Cos after all my school was in the cultural capital of India. Contrary to
our GK textbooks, my school was quite a maverick in this cultural capital. Once
the head of the institute took a friend’s Ukulele because she thought it would
distract them from their studies. According to our then school rulebook (
2018), musical instruments were not banned. But this teaches us the third tenet
– adjust to the flexibility of rules according to the convenience of those in
power. A student who internalized such behaviour as ideal will probably
be fine with the state of UP’s
passionate abuse of the National Security Act.
After,
that incident a new rule came into existence. You are allowed to bring a
musical instrument, as long as you represent or serve the school in some form
by performing on fest or assemblies. Here we see the fourth tenet - namely
adjustment to jingoism. Again, a person who grew up in such an environment will
probably tweet #India together every time somebody questions the government.
When
a friend questioned the school for confiscating the ukulele, the next day the
head of the institute called my friend a “Naxal” and threatened him in
front of the entire class by saying that she will not sign his character
certificate.

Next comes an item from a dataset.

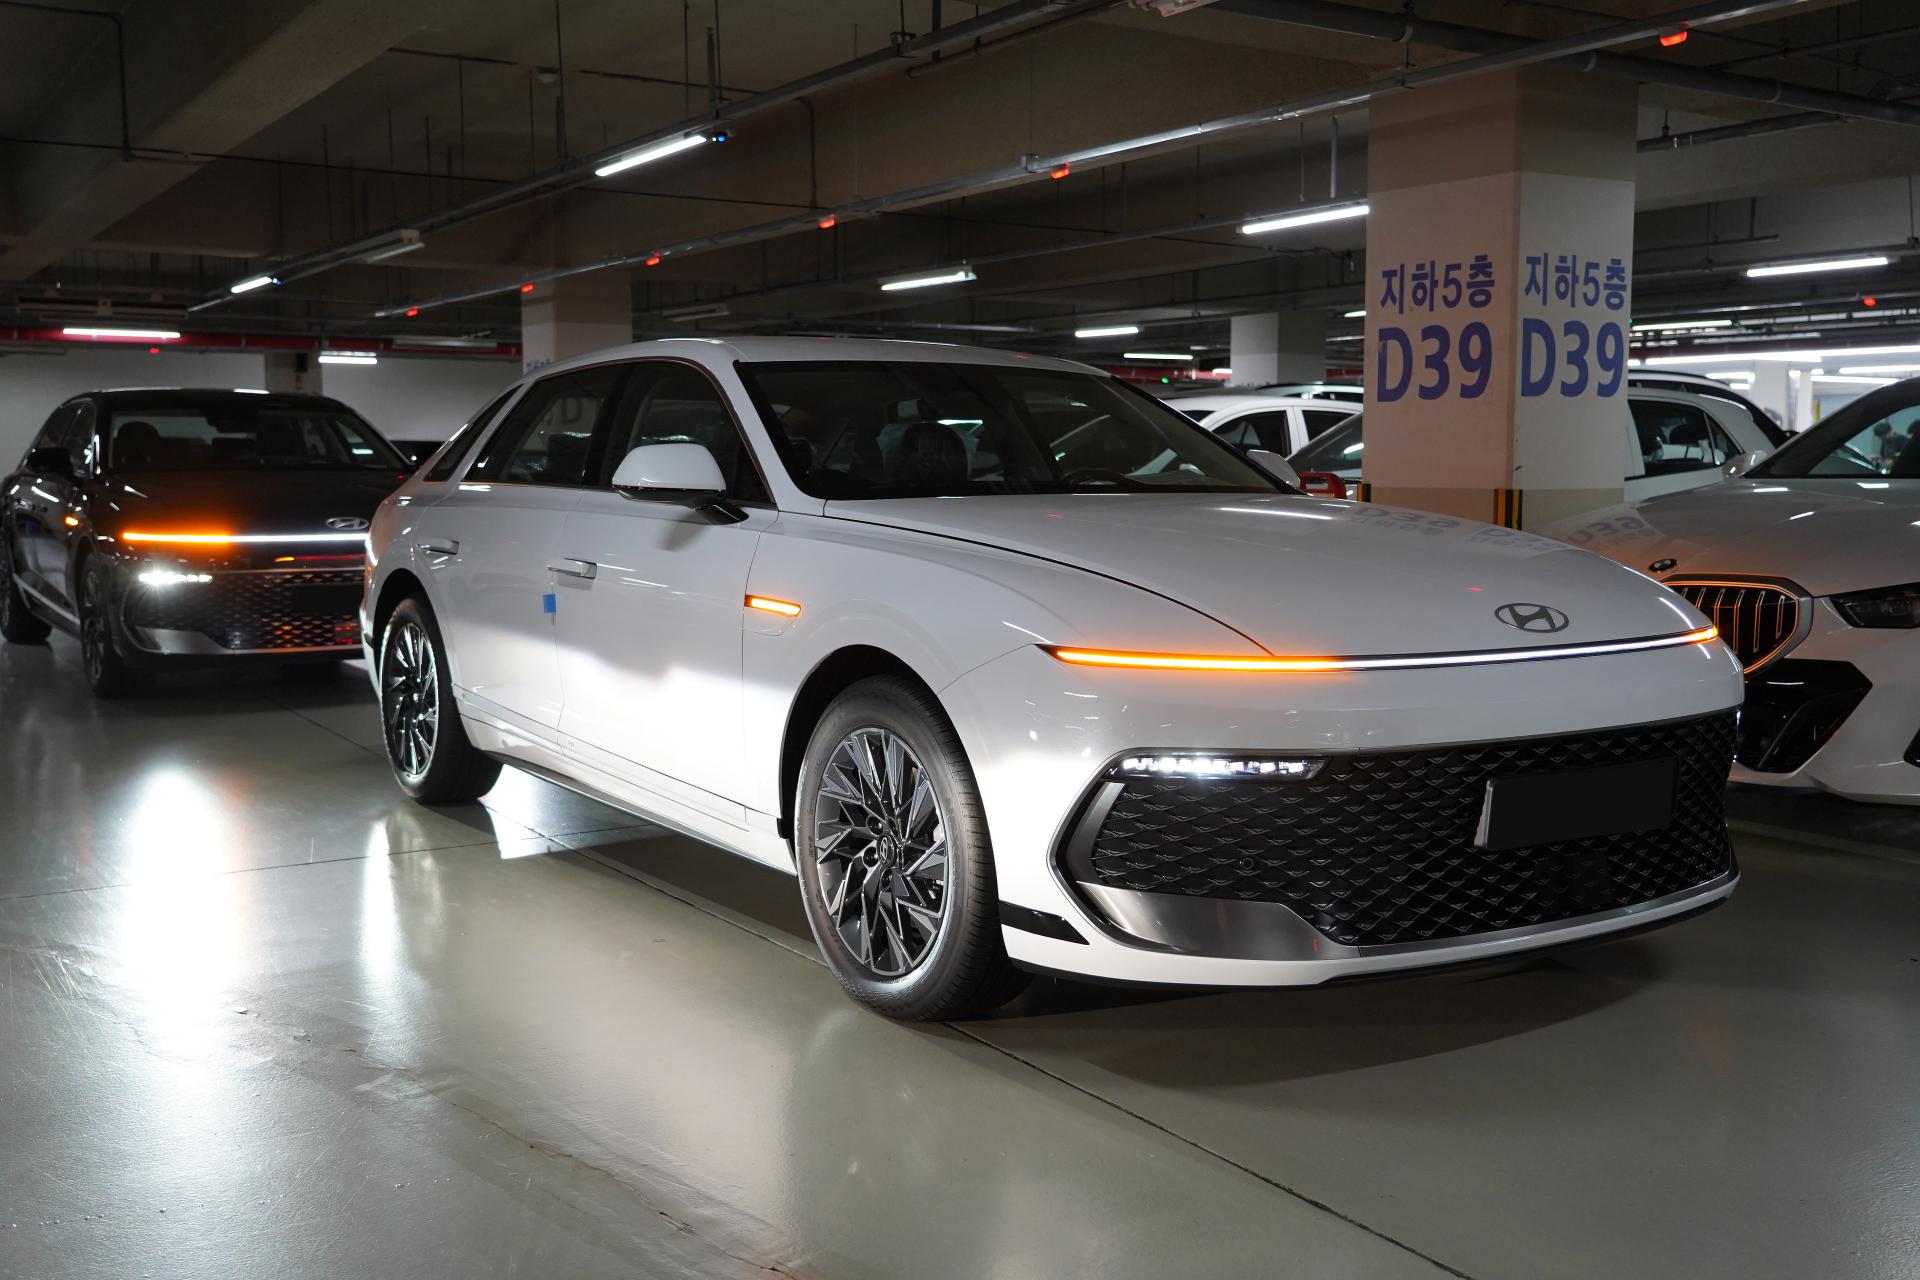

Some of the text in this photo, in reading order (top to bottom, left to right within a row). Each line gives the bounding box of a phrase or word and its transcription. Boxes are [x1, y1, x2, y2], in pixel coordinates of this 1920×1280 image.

[1380, 254, 1495, 314] 지하5층
[1524, 252, 1627, 310] 지하5층
[1377, 321, 1492, 402] D39
[1521, 318, 1624, 398] D39
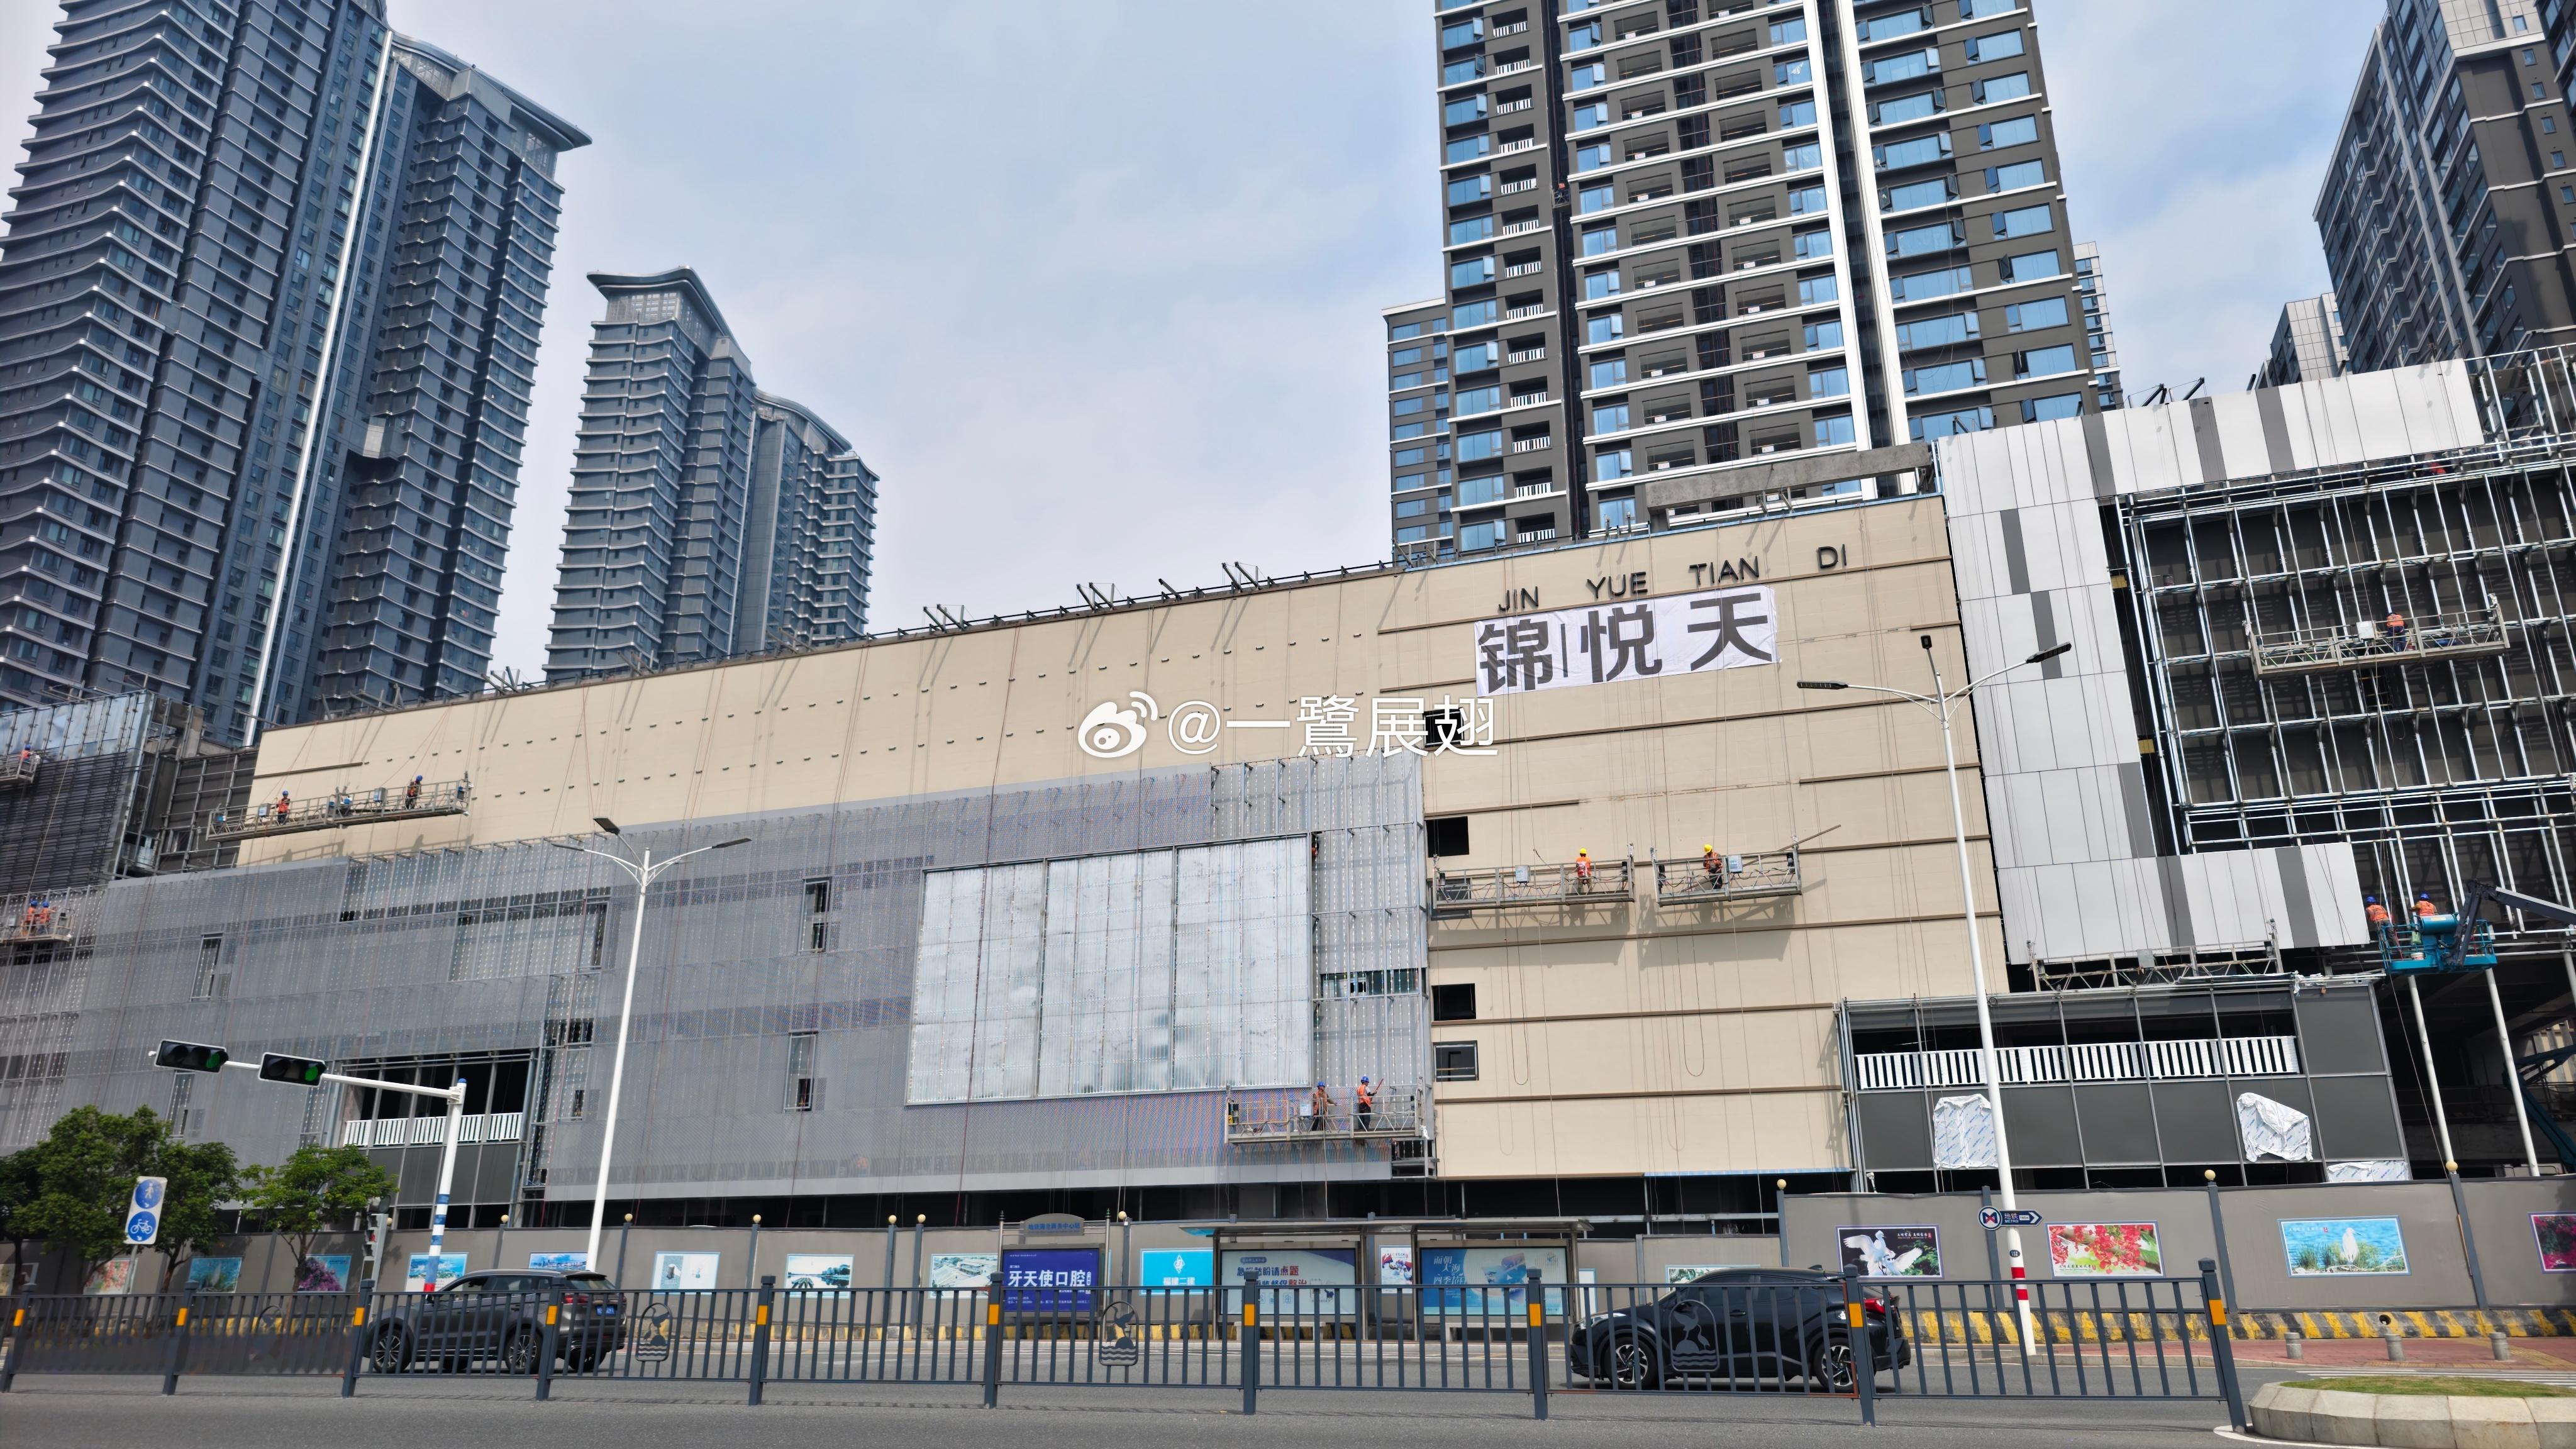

Such acts almost scream to a student that words like “ Naxal”,
“Anti-National” can be casually used to maintain the social order. Why would
then a student, accustomed to their school flinging absurd labels at its
students for questioning its authority, resist when the state does the same to
its citizens? With this last incident, we learn the desirable kind of
adjustment- Adjustment to labels.
Here
I would clarify two things. Firstly, I come from an extremely privileged school
and to access such a school one has to inherit some obvious social and economic
capital, which I did. Thus, the incidents that I have articulated might look
removed from the reality of our larger education system. But this brings me to
one of my core arguments-autocracy can exist in very apparent forms within the
walls of a descent infrastructural setup. The infrastructure creates a
sufficient amount of illusion to make one forget about it. Secondly, since it
was a private school it had the capital to hire a few exceptional teachers who
taught us, to be free thinkers. This is one of the many factors which makes my
reality different from the larger strata of our society.
We
as students or citizens who dream of freedom should be mindful of a discipline
that happens at the cost of our freedom. Governments change, but
institutions remain and unless we bring structural changes in the latter, we
shall continue to be governed by identical governments with variant degrees of
autocracy and we will do what our schools teach us to do- ADJUST!